The area around Utah Lake was used as a seasonal hunting and fishing ground by the Ute Indians. American Fork was settled in 1850 by Mormon pioneers and incorporated as Lake City in 1852. The first settlers were Arza Adams, followed by Stephen Chipman (grandfather of Stephen L. Chipman, a prominent citizen around the start of the 20th Century), Ira Eldredge, John Eldredge and their families.

The first settlers of American Fork lived in scattered conditions along the American Fork River. By the 1850s, the tension between the settlers and Native Americans was increasing. In 1853, Daniel H. Wells, the head of the Nauvoo Legion (the Utah Territorial Militia at the time), instructed settlers to move into specific forts.
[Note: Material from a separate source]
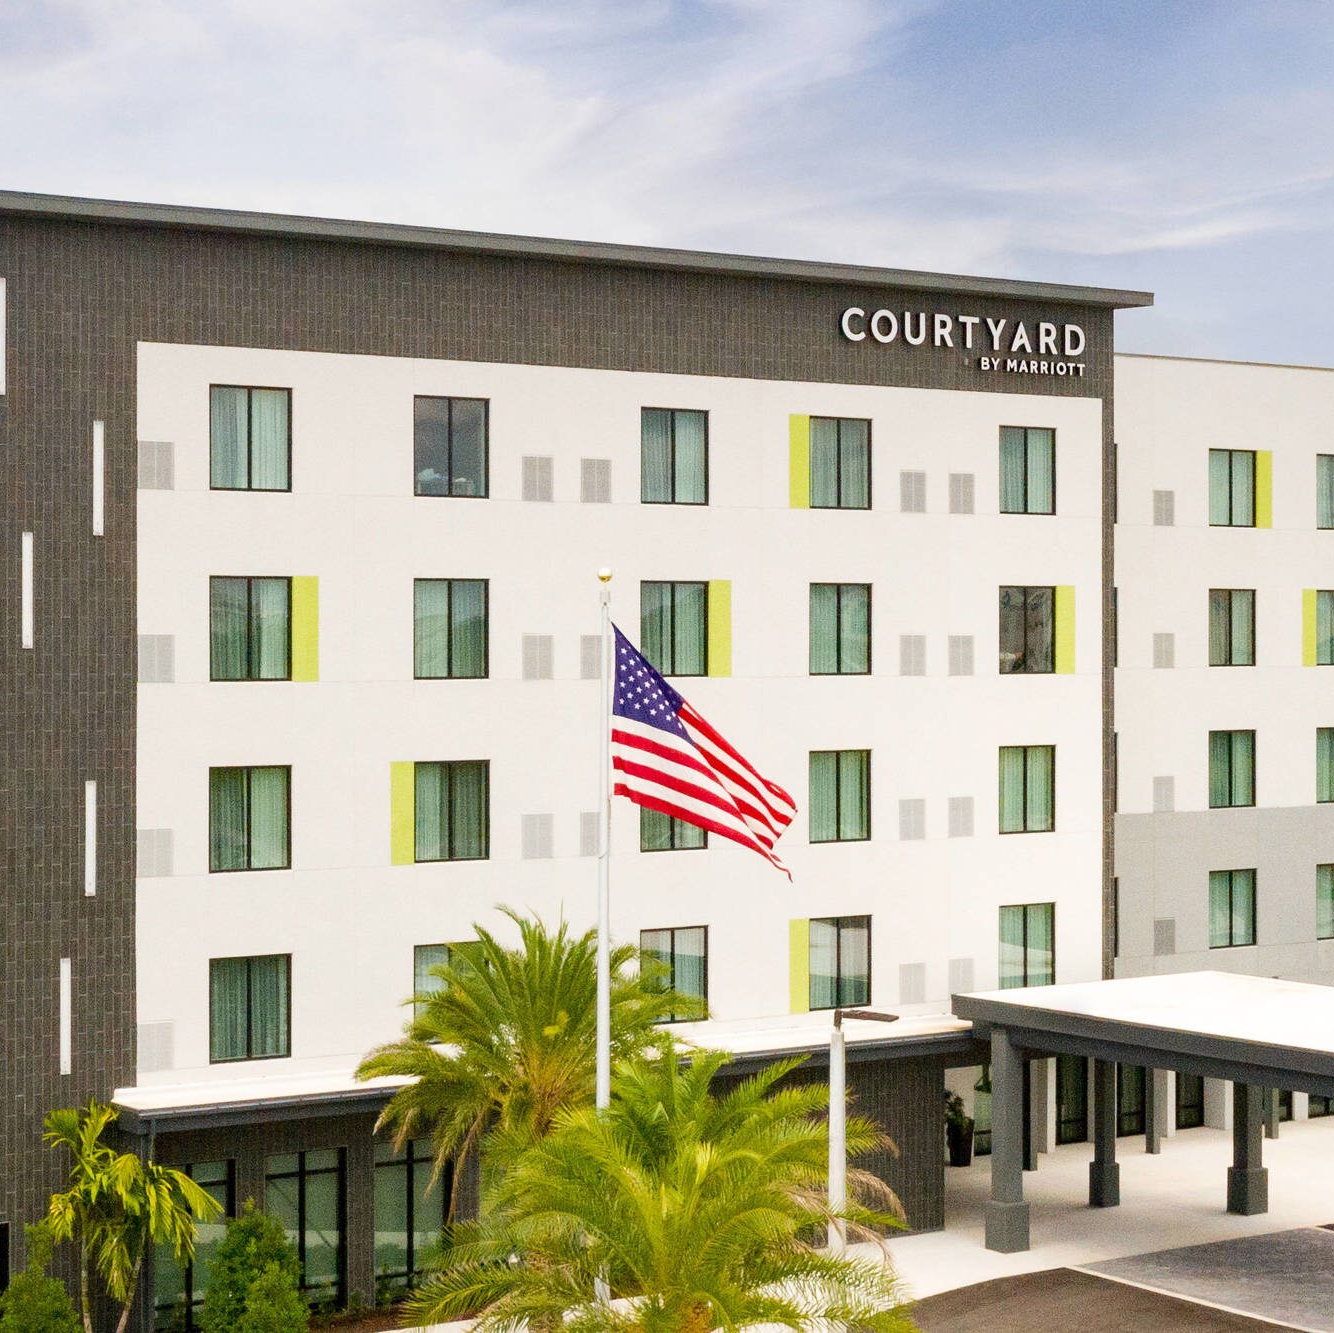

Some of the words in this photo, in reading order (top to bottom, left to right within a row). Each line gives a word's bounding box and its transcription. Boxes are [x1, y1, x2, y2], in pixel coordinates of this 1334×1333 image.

[841, 307, 1086, 356] COURTYARD
[980, 356, 1000, 371] BY
[1006, 358, 1086, 377] MARRIOTT
At a meeting on July 23, 1853, at the schoolhouse in American Fork, Lorenzo Snow and Parley P. Pratt convinced the settlers to follow Wells' directions and all move together into a central fort. A fort was built of 37 acre to which the settlers located. Only parts of the wall were built to eight feet high, and none were built to the original plan of twelve feet high.

Settlers changed the name from Lake City to American Fork in 1860. It was renamed after the American Fork river, which runs through the city, to avoid confusion with Salt Lake City, about 30 miles to the north. Most residents were farmers and merchants during American Fork's early history. By the 1860s, American Fork had established a public school, making it the first community in the territory of Utah to offer public education to its citizens. In the 1870s, American Fork served as a rail access point for mining activities in American Fork Canyon. American Fork had "a literal social feud" with the town of Lehi due to the Utah Sugar Company choosing Lehi as the factory building site in 1890 instead of American Fork. There were several mercantile businesses in American Fork, such as the American Fork Co-operative Association and Chipman Mercantile. For several decades in the 1900s, raising chickens (and eggs) was an important industry in the city. In 1892, Joseph Forbes organized the schools in American Fork, and the Forbes school is named after him.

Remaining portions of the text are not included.